Recruitment in Canada increased by 90,000. These gains from August and previous months managed to bring Canada’s employment up to just 156,000 employees short of the pre-pandemic level in February 2020, which is the closest it has come. The data from Statistics Canada reflect the labor market during the week of August 15 to 21. Most Canadian provinces had scaled back public health measures to near-final stages by this time.
Furthermore, the border had been re-opened to fully vaccinated travelers from the United States. For the first time since March 2020, the tourism industry may be able to attract potential American customers. Increment in employment was primarily in service-producing industries, particularly lodging and dining services. Substantial gains were also seen in the information, culture, and recreation industry. For the first time since March, the number of people employed in the construction industry increased.
Ontario, Alberta, Saskatchewan, and Nova Scotia all saw increases in employment. The rest of the provinces experienced very little or no change. At 7.1 percent, unemployment was at its lowest level since the outbreak, though the rate for visible minorities remained unchanged for the second month in a row. Long-term unemployment fell by nearly 7% in August, but it was still 120 percent higher than pre-pandemic levels.
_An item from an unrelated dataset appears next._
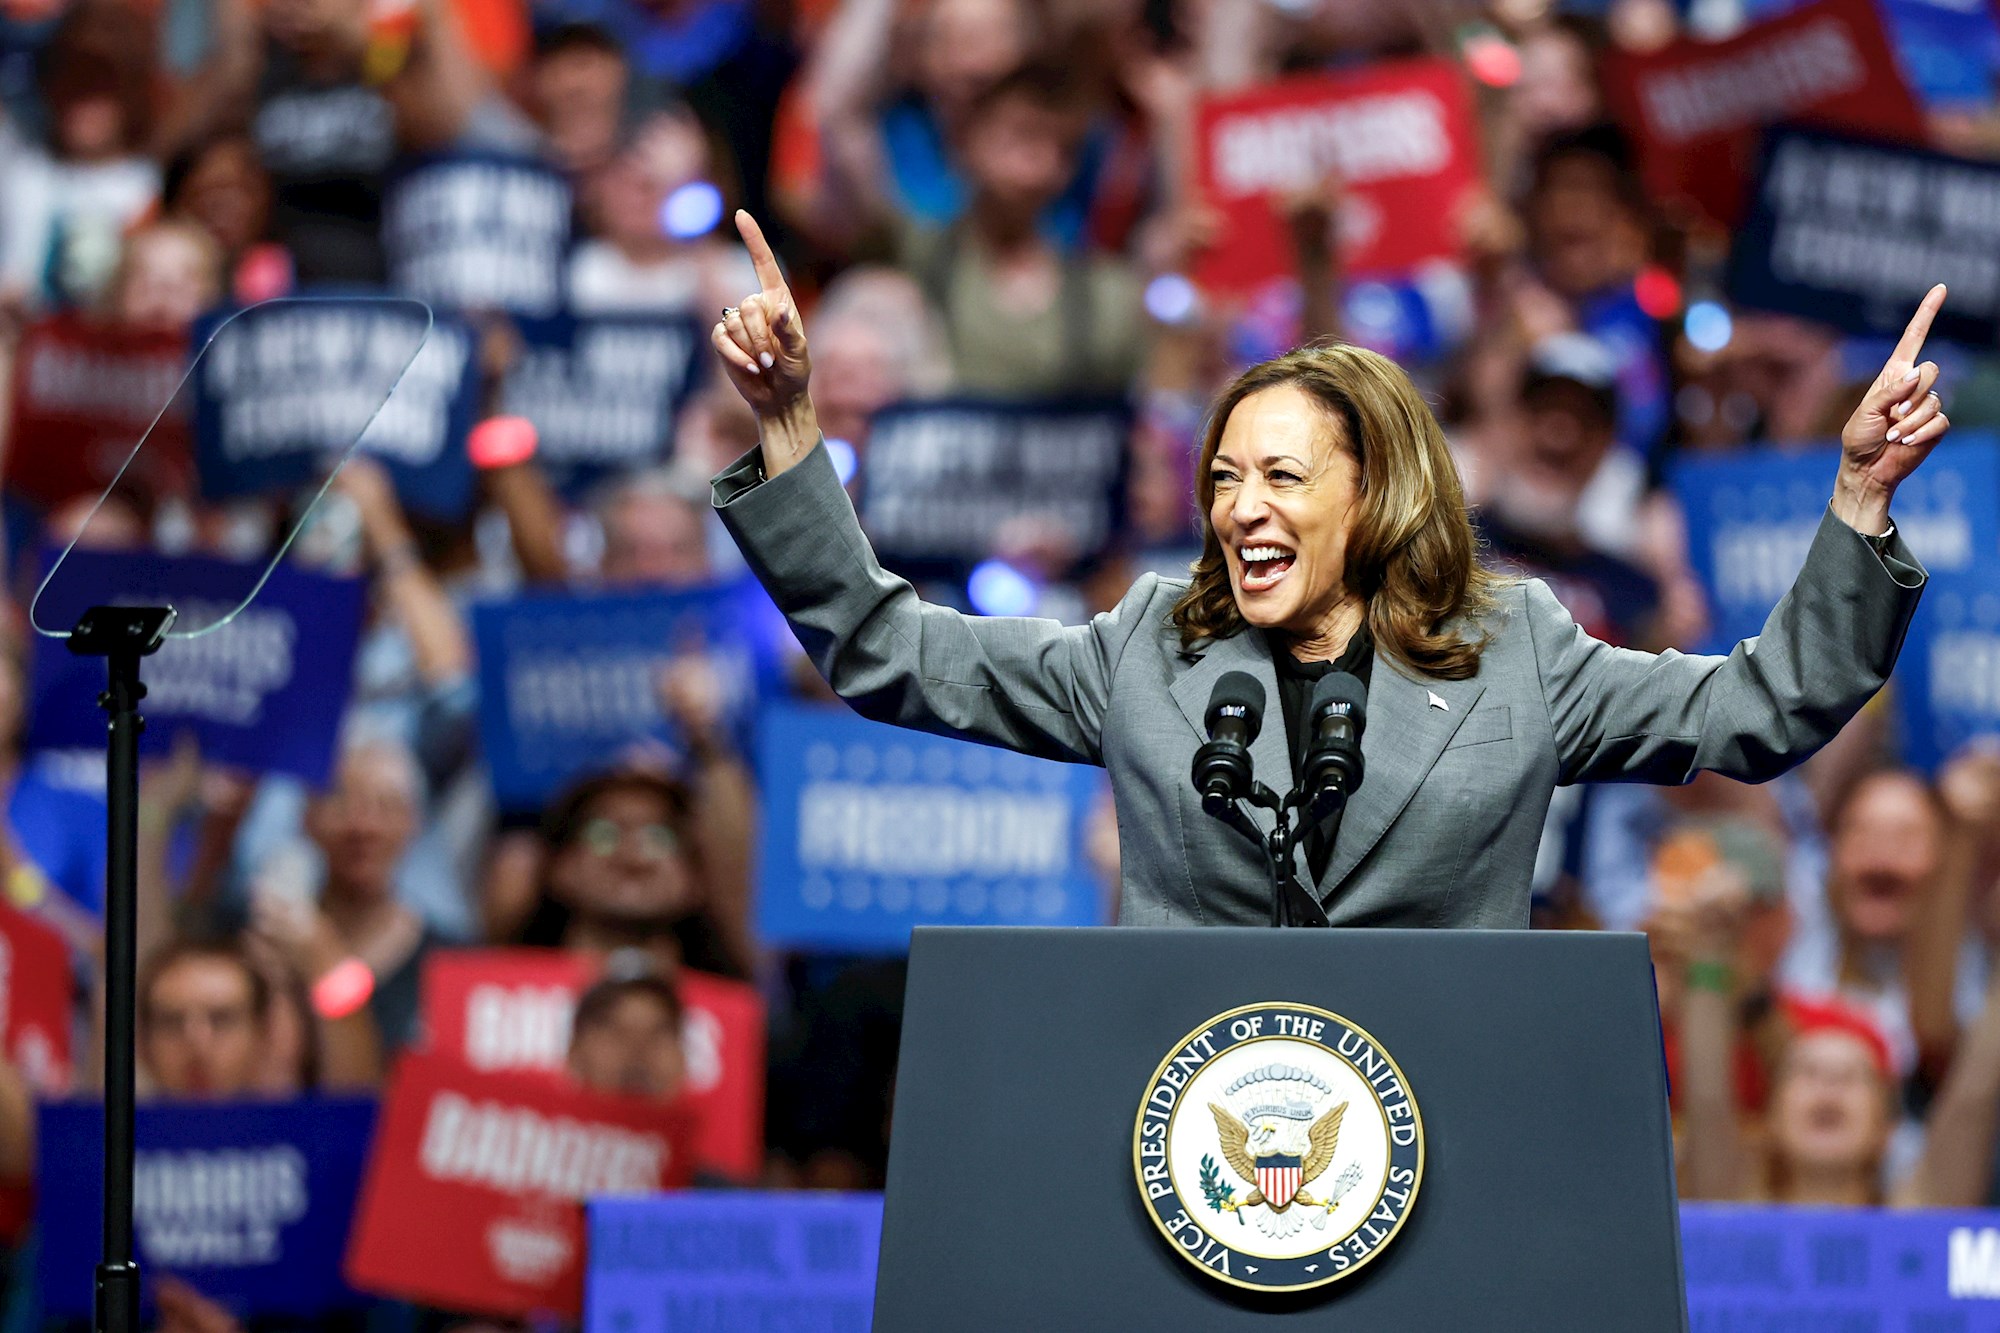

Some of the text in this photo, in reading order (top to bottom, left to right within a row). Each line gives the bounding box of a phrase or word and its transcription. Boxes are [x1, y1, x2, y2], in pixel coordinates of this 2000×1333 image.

Immigrants who arrived in Canada within the last five years have seen their employment rate rise to nearly 70%, up more than six percentage points from August 2019. Part of this is due to a reduction in the number of new immigrants admitted in 2020. Those who had lived in Canada for more than five years had a nearly 59 percent employment rate, down one and a half percentage points from the previous year. More than 61 percent of Canadian-born people were employed, down more than two percentage points from pre-COVID levels.
In August, the employment rate among Filipino Canadians increased by nearly five percentage points to around 78 percent. Black Canadians’ employment rate dropped four percentage points to nearly 72%. White Canadians were employed at a rate of nearly 71%, unchanged from the previous month.